Work to complete
Any images in the records should be skipped; transcribe the rest exactly.

-- Data provided follows --

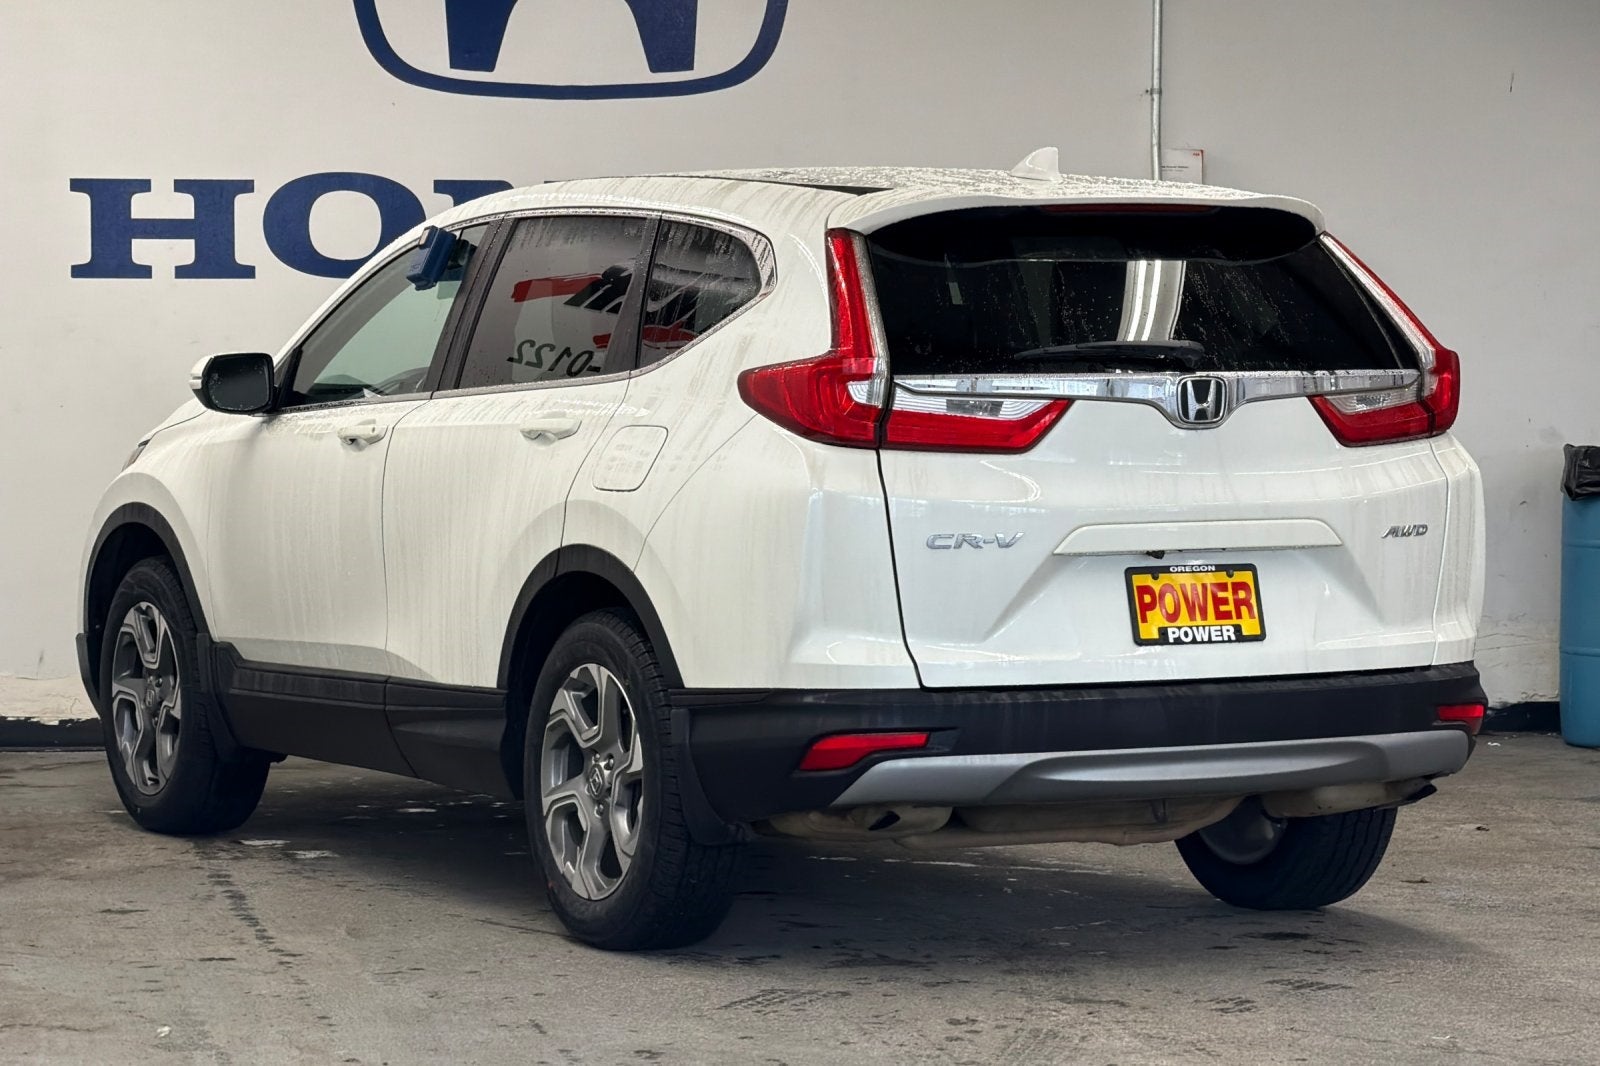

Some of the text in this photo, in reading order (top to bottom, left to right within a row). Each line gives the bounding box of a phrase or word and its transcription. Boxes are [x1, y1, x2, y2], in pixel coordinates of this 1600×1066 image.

[70, 172, 514, 279] HO
[1381, 524, 1428, 539] AWD
[926, 532, 1024, 550] CR-V
[1169, 565, 1216, 573] OREGON
[1136, 581, 1256, 624] POWER
[1167, 625, 1236, 643] POWER
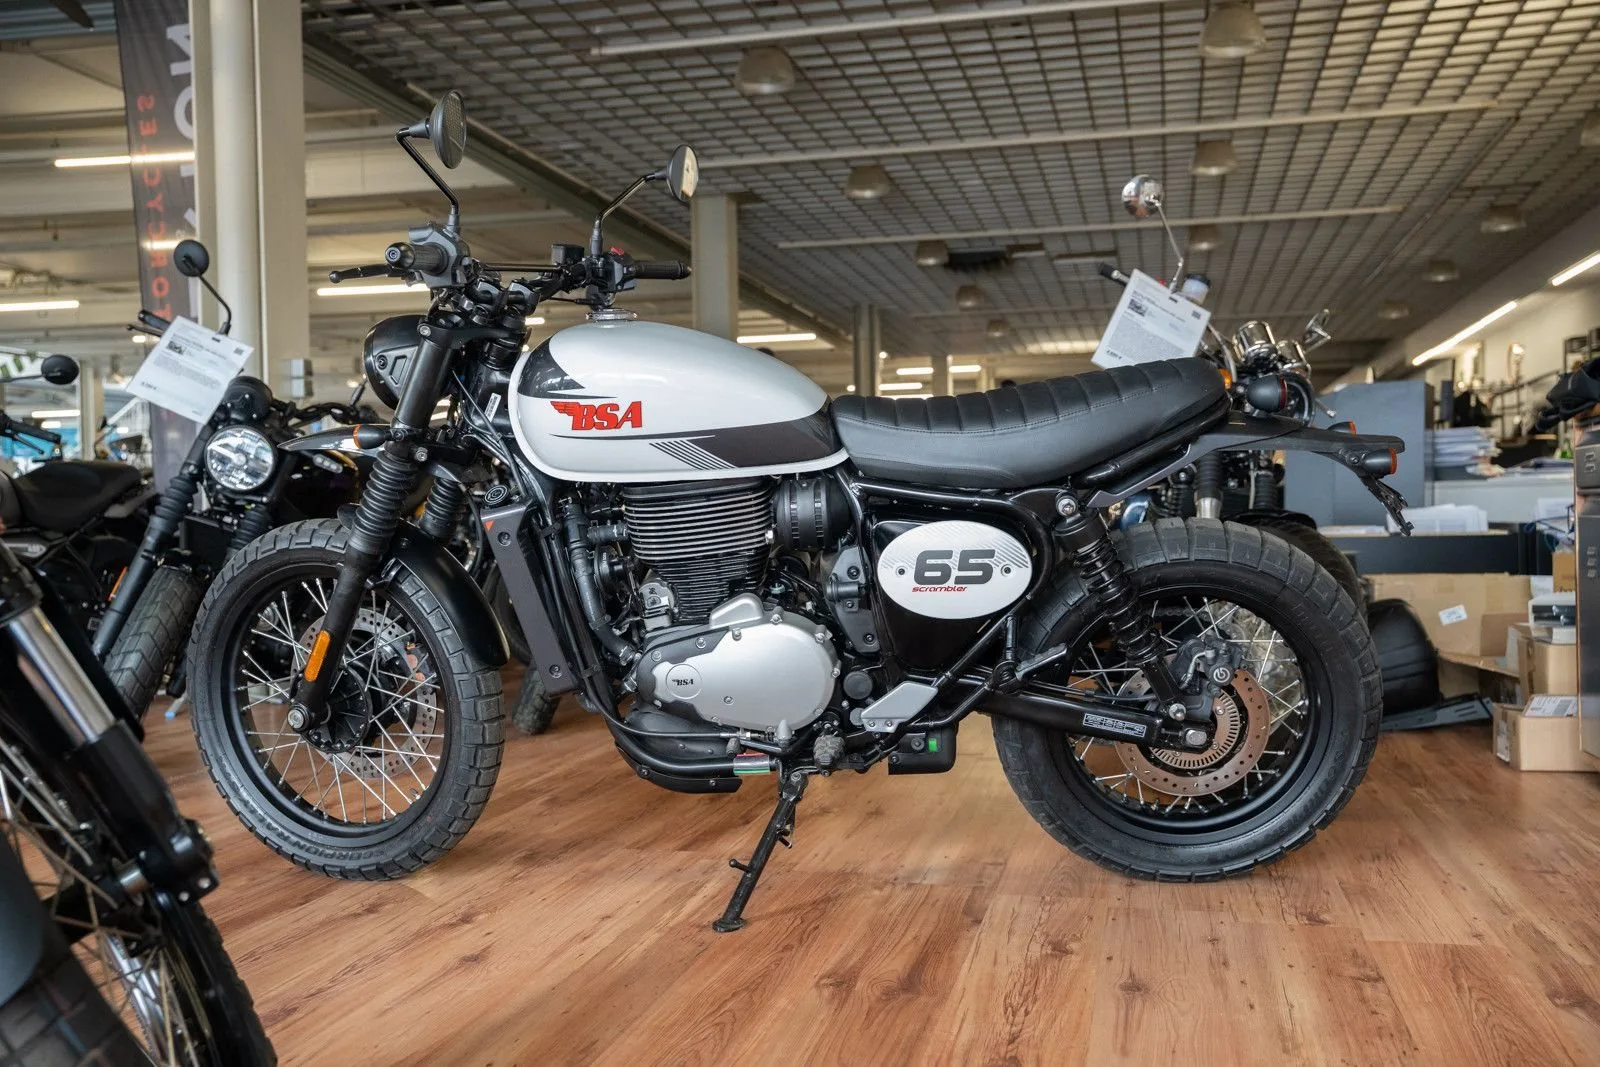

-- Data provided concluded --

Finished task
Some of the text in this photo, in reading order (top to bottom, left to right within a row). Each line gives the bounding box of a phrase or word and its transcription. Boxes are [x1, y1, x2, y2], in pixel coordinates of this 1600×1066 image.

[70, 172, 514, 279] HO
[1381, 524, 1428, 539] AWD
[926, 532, 1024, 550] CR-V
[1169, 565, 1216, 573] OREGON
[1136, 581, 1256, 624] POWER
[1167, 625, 1236, 643] POWER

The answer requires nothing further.